*EXERCISE*:
Every record below needs to be written out exactly, apart from the pictures.

※

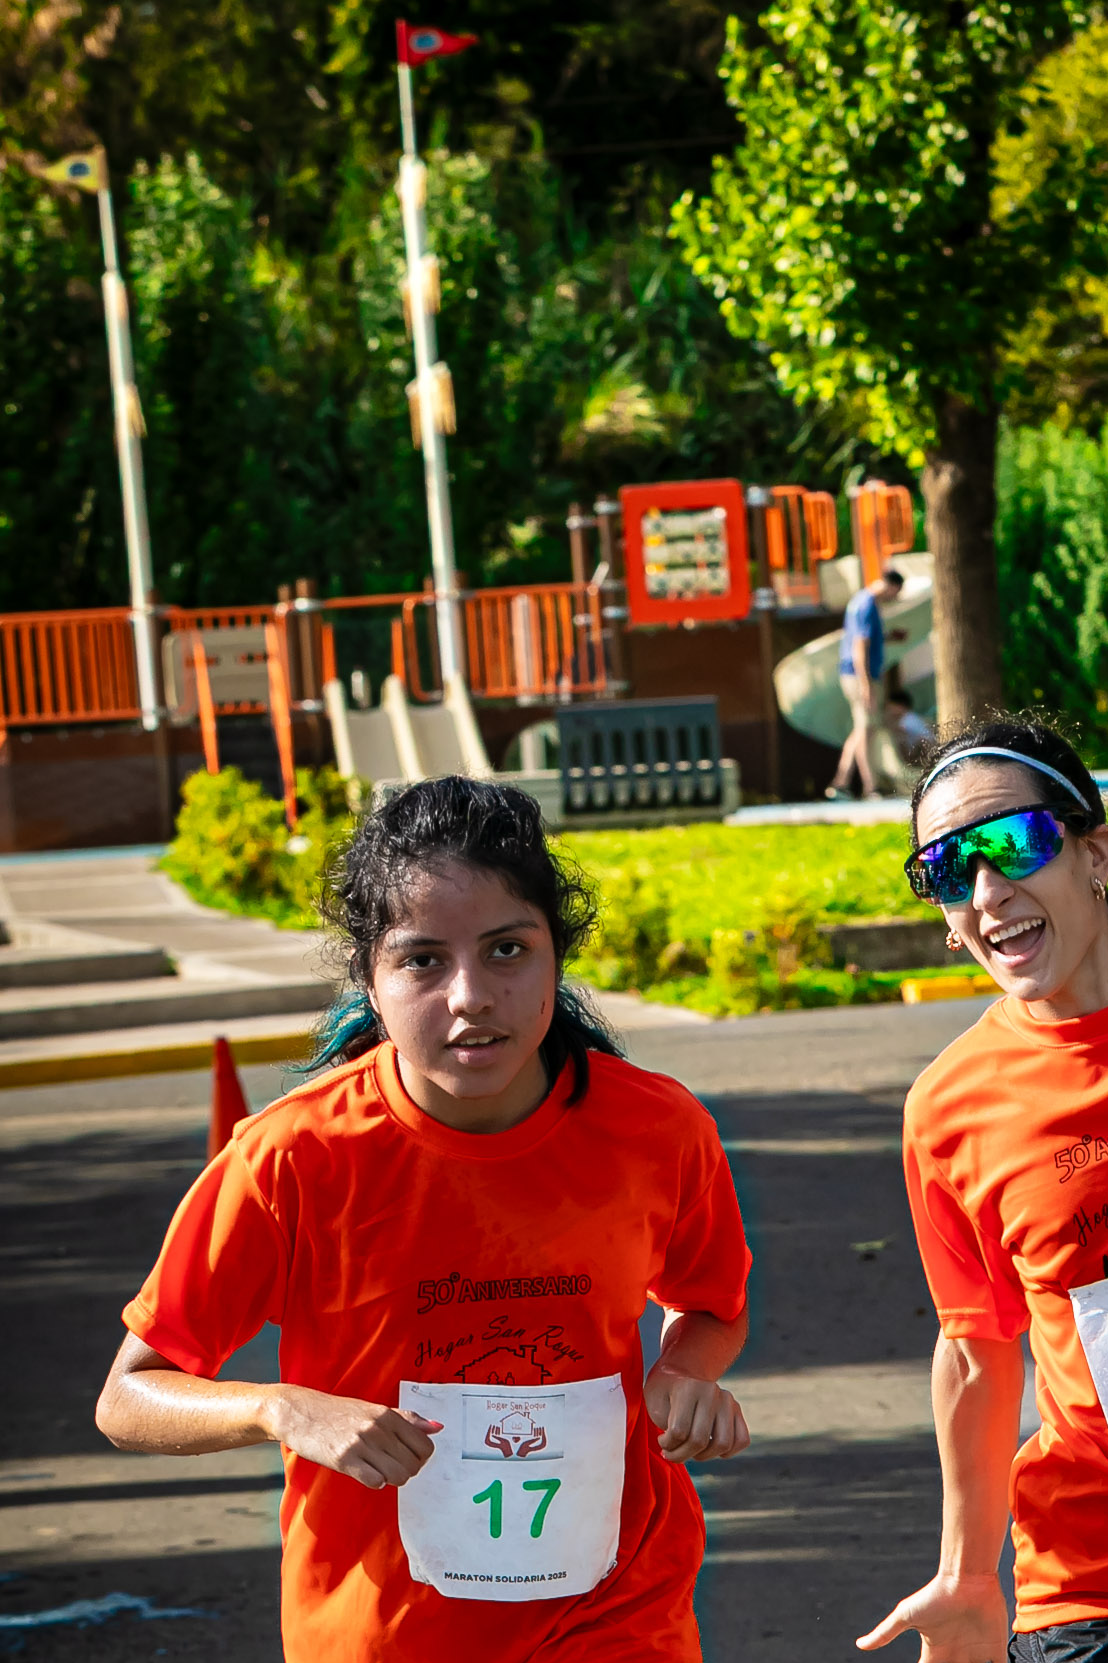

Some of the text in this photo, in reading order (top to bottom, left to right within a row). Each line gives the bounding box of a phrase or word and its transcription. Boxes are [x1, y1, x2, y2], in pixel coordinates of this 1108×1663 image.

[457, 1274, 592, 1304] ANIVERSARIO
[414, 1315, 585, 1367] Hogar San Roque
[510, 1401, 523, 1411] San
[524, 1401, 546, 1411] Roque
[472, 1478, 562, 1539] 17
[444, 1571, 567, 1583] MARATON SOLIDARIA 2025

※

*WORKED SOLUTION*:
Some of the text in this photo, in reading order (top to bottom, left to right within a row). Each line gives the bounding box of a phrase or word and its transcription. Boxes are [x1, y1, x2, y2], in pixel coordinates of this 1108×1663 image.

[457, 1274, 592, 1304] ANIVERSARIO
[414, 1315, 585, 1367] Hogar San Roque
[510, 1401, 523, 1411] San
[524, 1401, 546, 1411] Roque
[472, 1478, 562, 1539] 17
[444, 1571, 567, 1583] MARATON SOLIDARIA 2025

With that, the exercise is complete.